REQUIRED ACTION:
Where an entry below contains an image, skip the image and reproduce the rest exactly.

[Records from a collection]
───

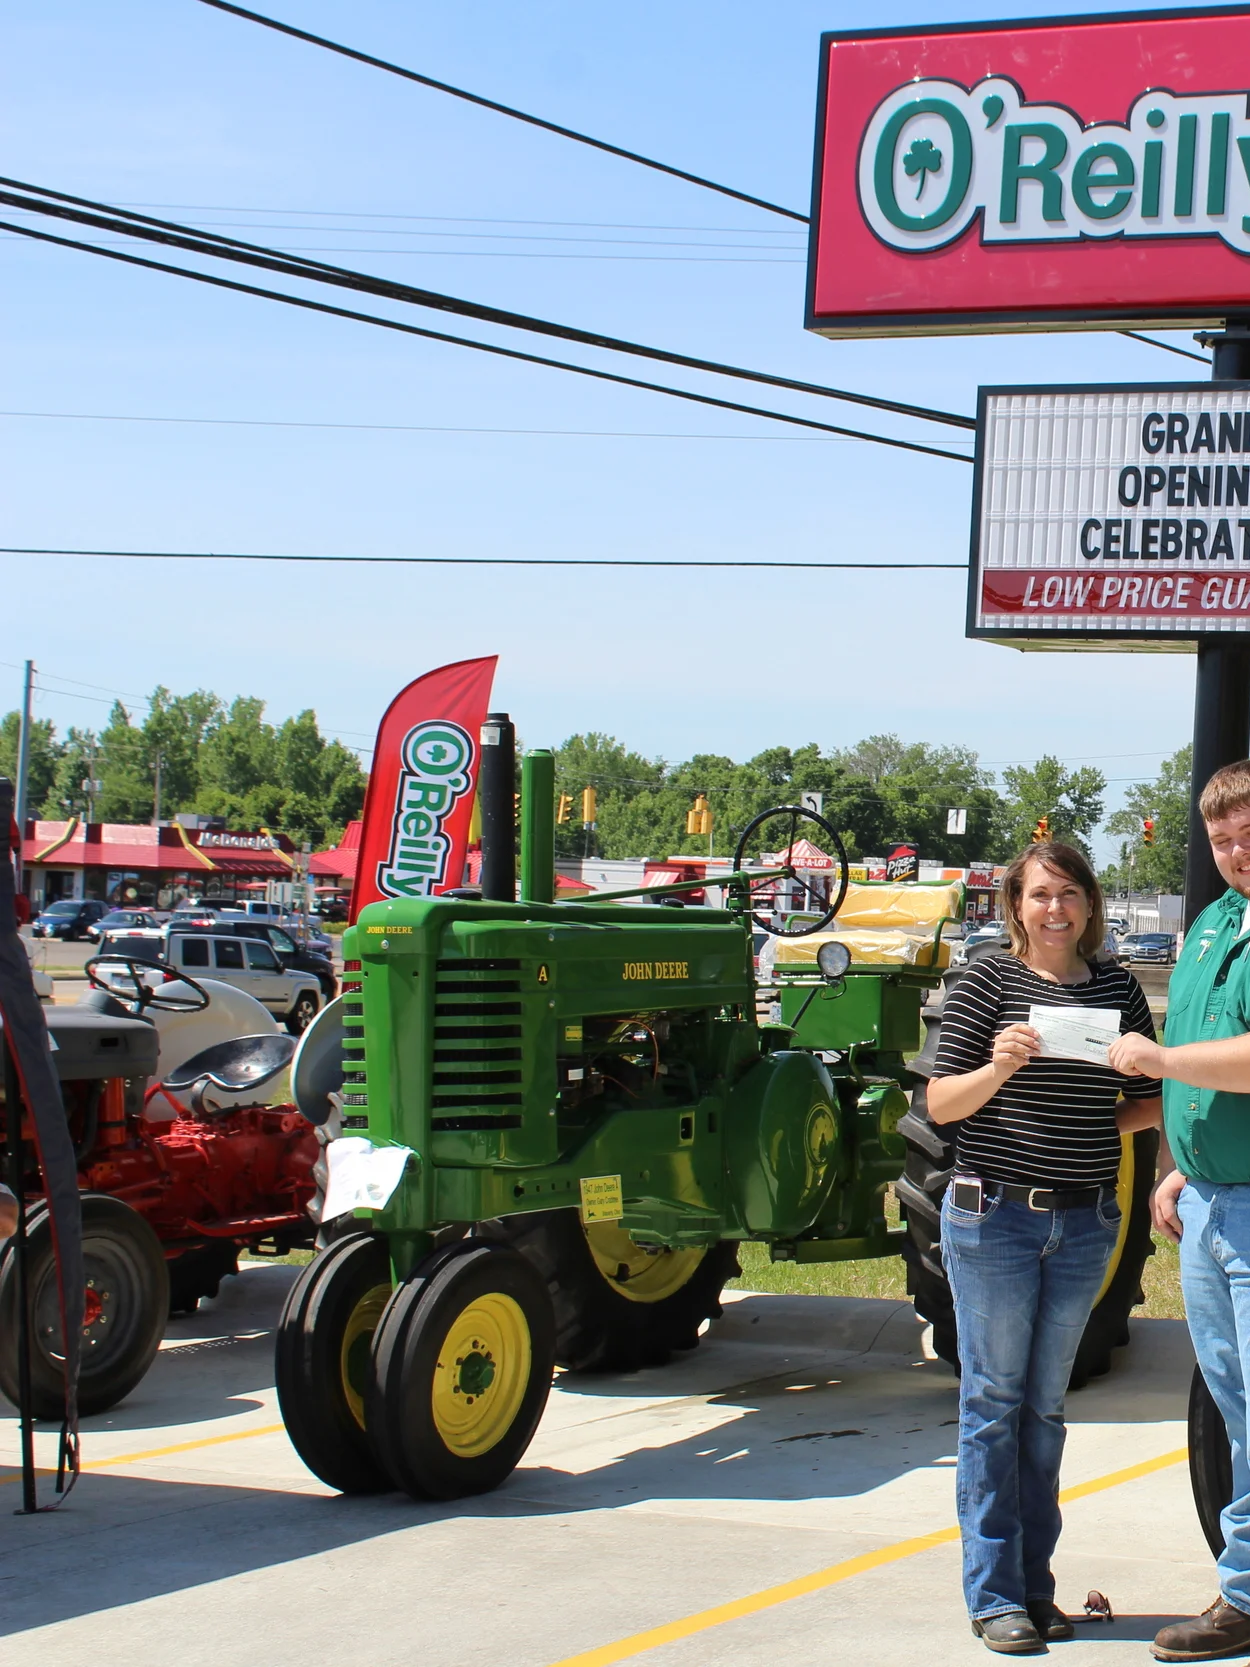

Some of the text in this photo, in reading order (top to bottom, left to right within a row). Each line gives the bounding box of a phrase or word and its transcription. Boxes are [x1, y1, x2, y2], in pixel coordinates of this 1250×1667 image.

[1022, 575, 1095, 608] LOW
[1098, 575, 1195, 610] PRICE
[790, 858, 828, 867] AVE-A-LOT
[887, 855, 917, 876] Pizza
[892, 865, 914, 878] Hut
[366, 926, 413, 934] JOHN DEERE
[538, 966, 548, 982] A
[622, 961, 689, 981] JOHN DEERE
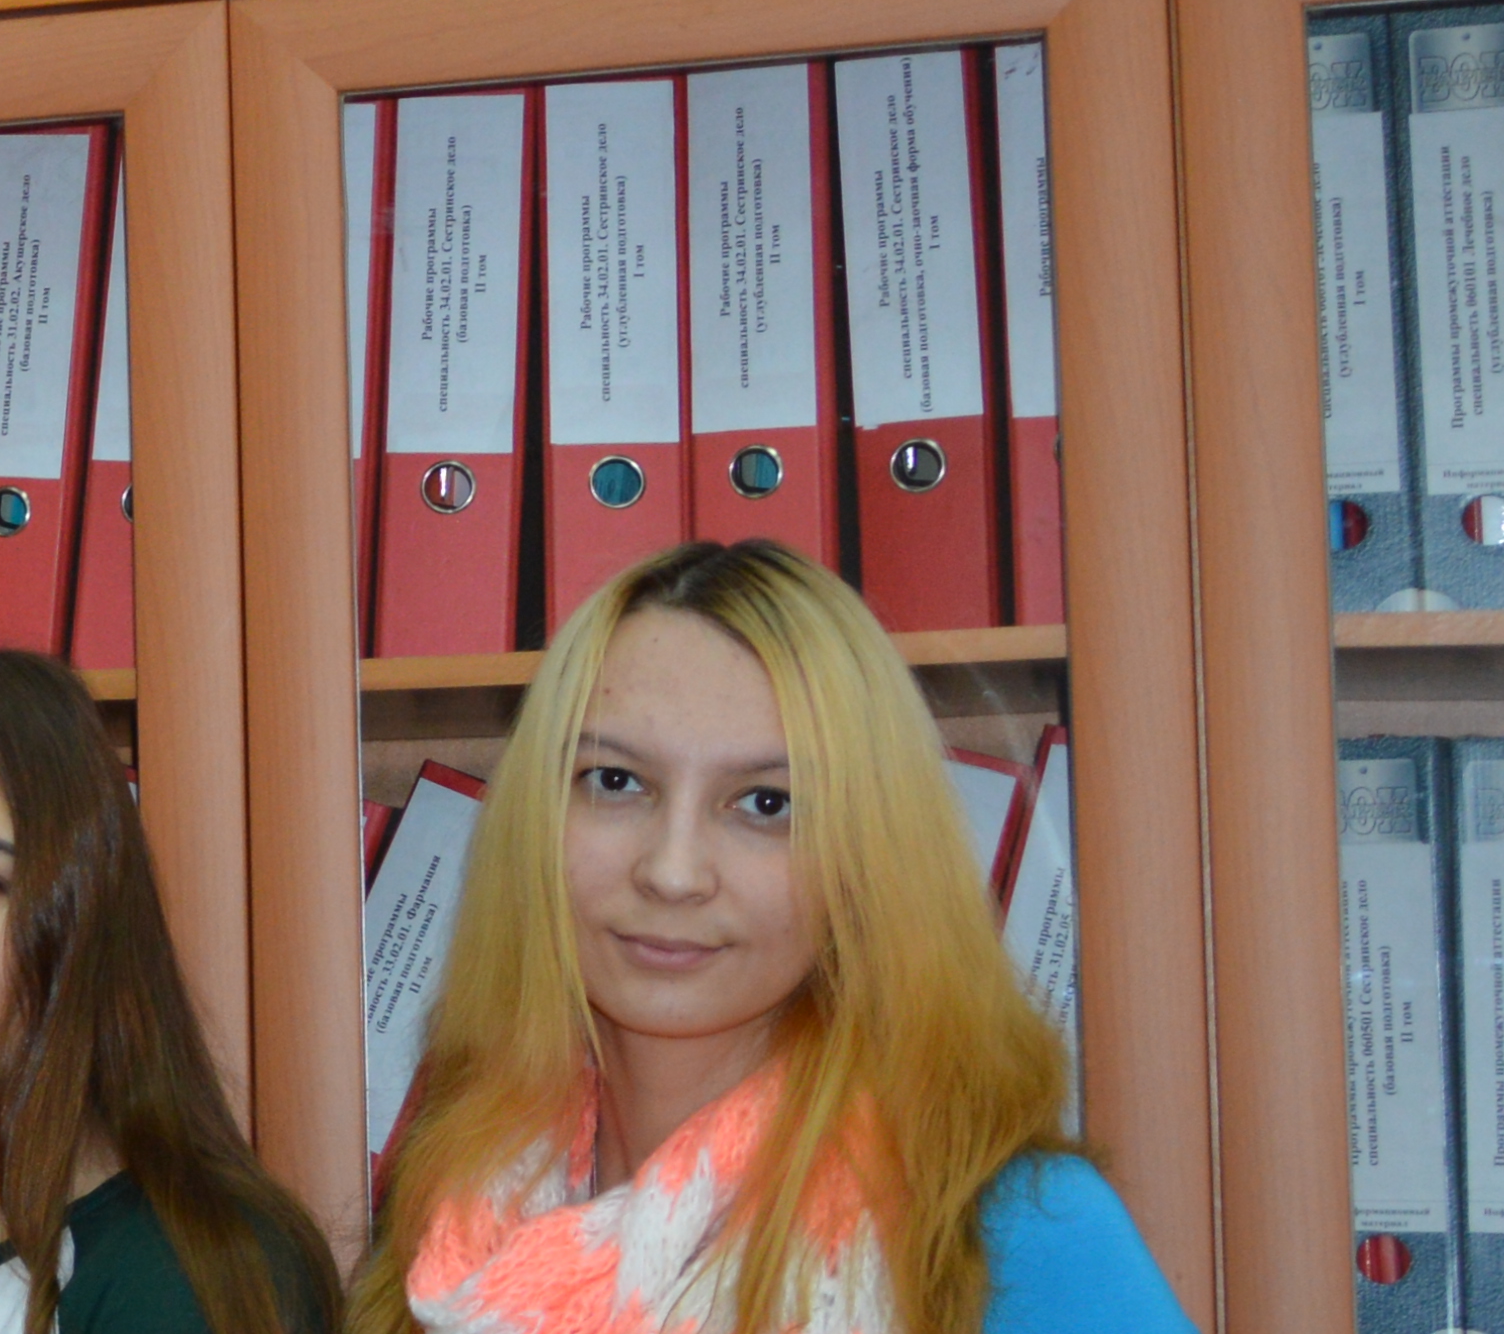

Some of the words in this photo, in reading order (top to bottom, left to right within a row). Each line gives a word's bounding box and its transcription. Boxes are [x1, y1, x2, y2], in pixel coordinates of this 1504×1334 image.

[886, 94, 898, 125] дело
[899, 54, 915, 125] обучения)
[888, 127, 904, 215] Сестринское
[904, 127, 920, 173] форма
[1459, 155, 1473, 187] дело
[873, 169, 889, 248] программы
[1439, 144, 1454, 225] аттестации
[891, 218, 906, 274] 34.02.01.
[909, 175, 924, 267] очно-заочная
[929, 214, 940, 240] том
[1459, 190, 1476, 256] Лечебное
[876, 252, 891, 307] Рабочие
[914, 269, 929, 351] подготовка,
[1444, 227, 1460, 340] промежуточной
[1462, 260, 1478, 308] 060101
[897, 277, 912, 379] специальность
[918, 354, 933, 413] (базовая
[1448, 343, 1466, 429] Программы
[1468, 309, 1484, 416] специальность
[1356, 879, 1369, 911] дело
[1357, 914, 1373, 1005] Сестринское
[1379, 944, 1394, 1031] подготовка)
[1359, 1009, 1375, 1057] 060501
[1402, 1000, 1413, 1026] том
[1381, 1035, 1396, 1096] (базовая
[1364, 1060, 1379, 1166] специальность
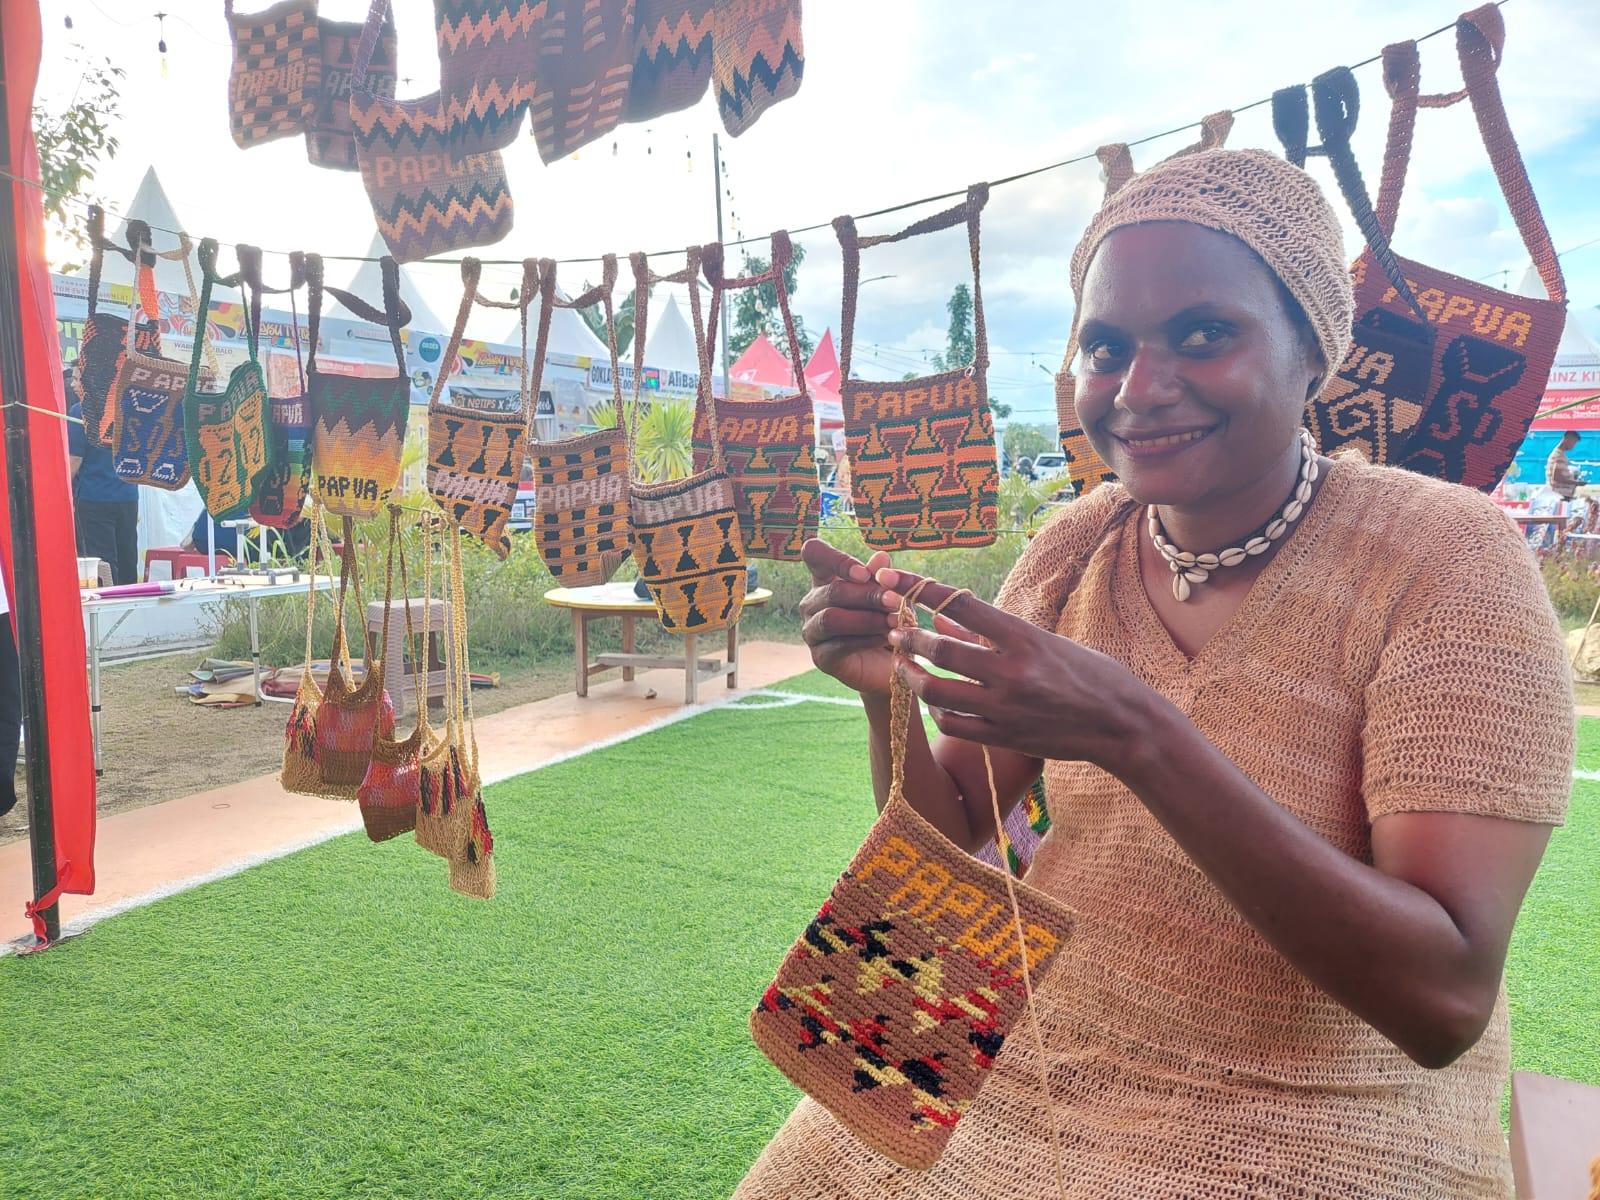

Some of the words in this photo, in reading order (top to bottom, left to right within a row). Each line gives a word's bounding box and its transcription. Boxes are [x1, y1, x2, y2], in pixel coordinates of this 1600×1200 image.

[237, 61, 305, 97] PAPUA
[853, 377, 978, 420] PAPUA
[318, 475, 377, 500] PAPUA
[537, 474, 623, 513] PAPUA
[857, 836, 1060, 979] PAPUA
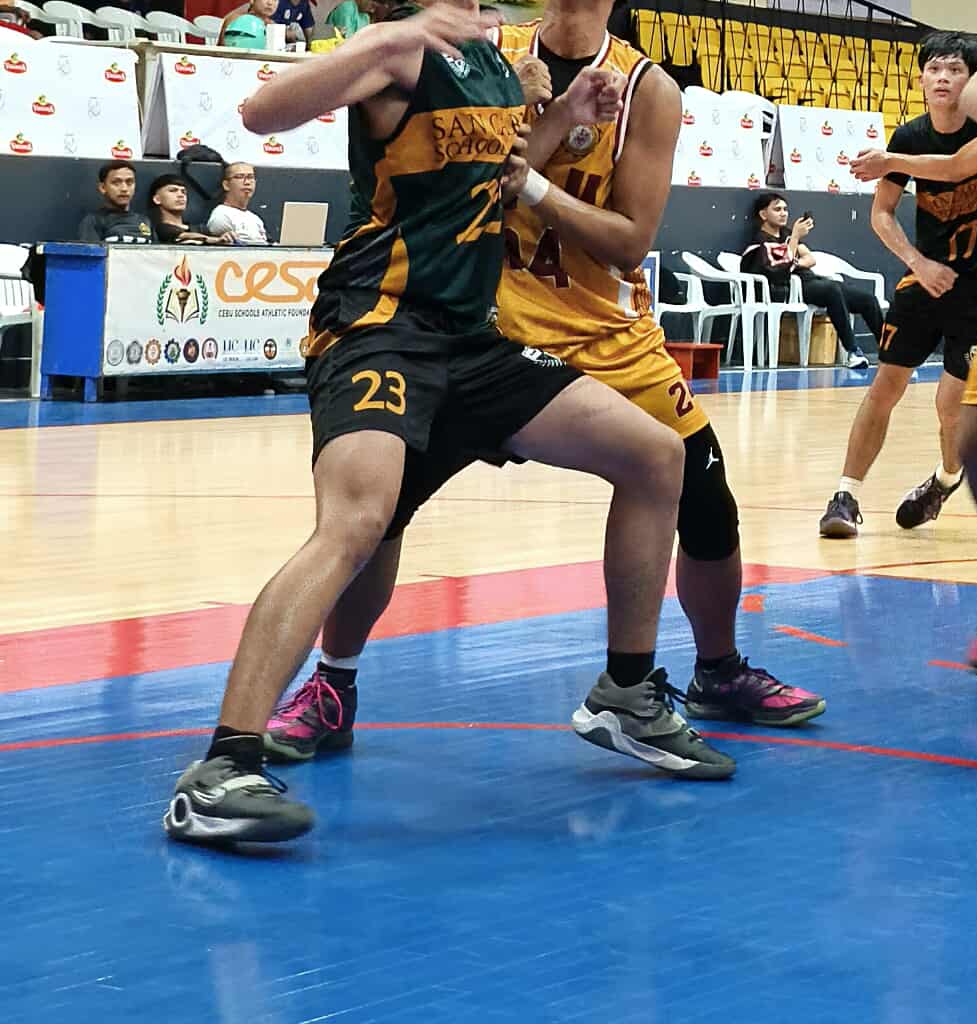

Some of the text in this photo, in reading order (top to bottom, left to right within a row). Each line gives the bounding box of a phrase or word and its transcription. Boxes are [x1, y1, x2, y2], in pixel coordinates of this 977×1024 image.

[456, 178, 502, 245] 2
[352, 369, 406, 416] 23
[668, 381, 694, 418] 2

───

ANSWER TO THIS TASK:
Some of the text in this photo, in reading order (top to bottom, left to right within a row). Each line gives the bounding box of a phrase or word and its transcription. Boxes are [x1, y1, x2, y2], in pixel coordinates of this 1250×1667 image.

[1022, 575, 1095, 608] LOW
[1098, 575, 1195, 610] PRICE
[790, 858, 828, 867] AVE-A-LOT
[887, 855, 917, 876] Pizza
[892, 865, 914, 878] Hut
[366, 926, 413, 934] JOHN DEERE
[538, 966, 548, 982] A
[622, 961, 689, 981] JOHN DEERE

Some of the words in this photo, in reading order (top to bottom, left to right within a row). Each line gives a word's bounding box and its transcription. Boxes are [x1, y1, x2, y2], in pixel coordinates of this 1504×1334 image.

[886, 94, 898, 125] дело
[899, 54, 915, 125] обучения)
[888, 127, 904, 215] Сестринское
[904, 127, 920, 173] форма
[1459, 155, 1473, 187] дело
[873, 169, 889, 248] программы
[1439, 144, 1454, 225] аттестации
[891, 218, 906, 274] 34.02.01.
[909, 175, 924, 267] очно-заочная
[929, 214, 940, 240] том
[1459, 190, 1476, 256] Лечебное
[876, 252, 891, 307] Рабочие
[914, 269, 929, 351] подготовка,
[1444, 227, 1460, 340] промежуточной
[1462, 260, 1478, 308] 060101
[897, 277, 912, 379] специальность
[918, 354, 933, 413] (базовая
[1448, 343, 1466, 429] Программы
[1468, 309, 1484, 416] специальность
[1356, 879, 1369, 911] дело
[1357, 914, 1373, 1005] Сестринское
[1379, 944, 1394, 1031] подготовка)
[1359, 1009, 1375, 1057] 060501
[1402, 1000, 1413, 1026] том
[1381, 1035, 1396, 1096] (базовая
[1364, 1060, 1379, 1166] специальность

Some of the words in this photo, in reading order (top to bottom, left to right within a row). Each line gives a word's bounding box and its transcription. Boxes are [x1, y1, x2, y2], in pixel coordinates of this 1600×1200 image.

[237, 61, 305, 97] PAPUA
[853, 377, 978, 420] PAPUA
[318, 475, 377, 500] PAPUA
[537, 474, 623, 513] PAPUA
[857, 836, 1060, 979] PAPUA

Some of the text in this photo, in reading order (top to bottom, left to right within a row). Each line gives the bounding box of a phrase or word and its transcription. Boxes are [x1, y1, x2, y2], in pixel coordinates of this 977×1024 image.

[456, 178, 502, 245] 2
[352, 369, 406, 416] 23
[668, 381, 694, 418] 2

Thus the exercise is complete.